Having taken charge of some of the biggest clubs in the world, Louis van Gaal is no stranger to pressure. With Bayern Munich, Barcelona and Netherlands among the teams on his glittering CV, the 62 year old is used to the royal occasion.
But Wednesday night's World Cup semi-final against Argentina in Sao Paulo could represent the biggest test of his managerial career in a game which poses a host of tactical questions. The constant tinkering with formations and personnel means Holland's route to the last four has been accompanied by Van Gaal's own personal touch.
Though the burden of pressure and scrutiny is second nature to Van Gaal, the semi-final meeting is merely the beginning of the most relentless period of the Dutchman's long career. After David Moyes' haphazard reign at Manchester United, the heat will only rise upon his arrival onto English shores.

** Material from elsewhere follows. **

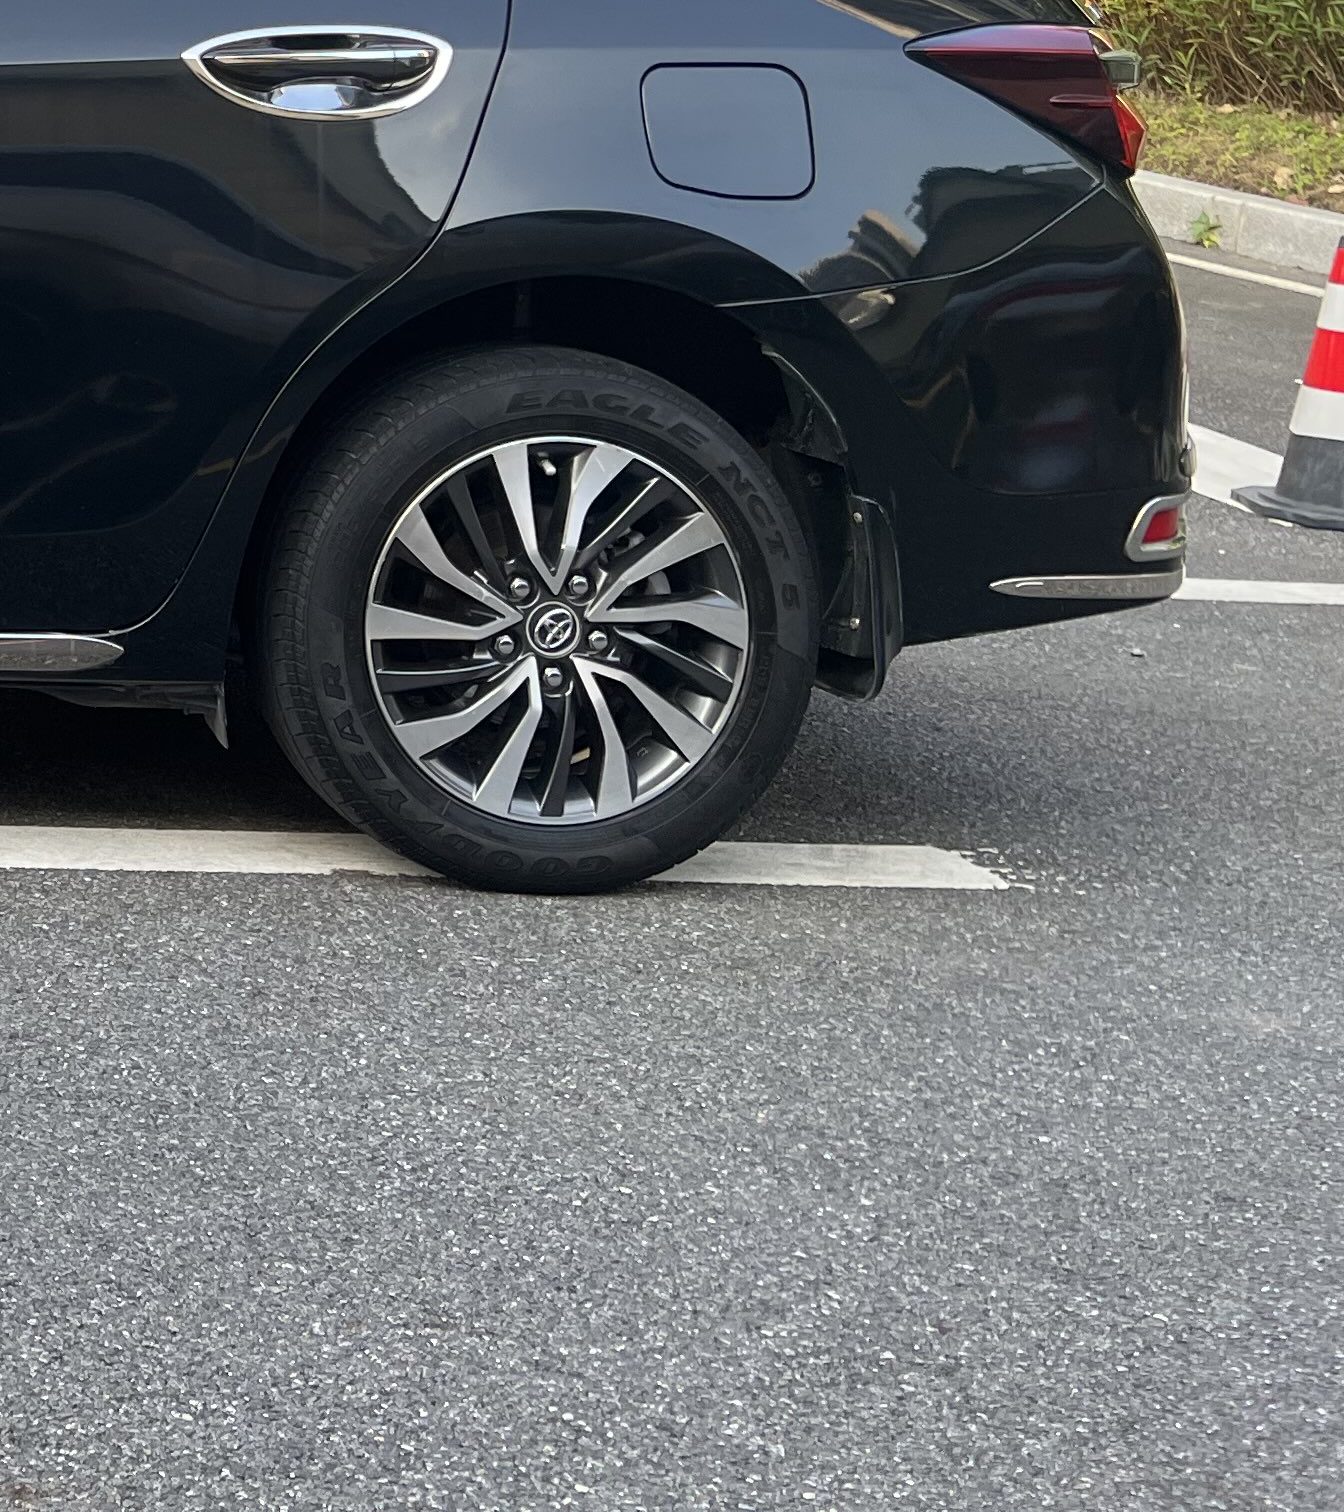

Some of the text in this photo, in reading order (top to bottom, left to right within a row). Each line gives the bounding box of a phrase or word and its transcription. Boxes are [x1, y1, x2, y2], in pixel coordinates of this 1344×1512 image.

Naturally, United fans will have taken special interest in Netherlands' and Van Gaal's success this summer, and they can't have been anything but impressed. From classic tinkering to adapting formations, Van Gaal has made a timely display of all aspects of his managerial ability ahead of his move to the Premier League.
If Sir Alex Ferguson was among the professors of mind-games in management, then Van Gaal is surely the finest of students. The decision to thrust Tim Krul into the quarter-final penalty shoot-out against Costa Rica would have warped and fractured the minds of the opposition, while also overshadowing a disjointed Dutch diaplay. United fans will have lapped up such bravado.
Such a gamble is something United fans will be craving upon van Gaal's arrival, after a campaign during which Moyes played it safe and lost everything.
Argentina threaten to destroy Van Gaal's cool persona. In Lionel Messi, they have the most elusive, if not the best, player of this World Cup. Bosnia, Iran, Switzerland and Belgium have all succumbed to the Barcelona forward's smash and grab approach, where a subtle performance has been illuminated by a moment of magic.
The Arena de Sao Paulo therefore plays host to one of the great battles of mind over matter. Can Van Gaal lay a suitable trap for Messi, or will the four-time world footballer of the year be afforded enough space to inspire Argentina?
Arguably the entire World Cup has represented the ideal dress rehearsal for the non-stop pressure Van Gaal will be under upon moving to United, but tonight's semi-final represents an identical structure of a Premier League fixture. One lapse can ruin everything.
Van Gaal will be wary of passing such a test.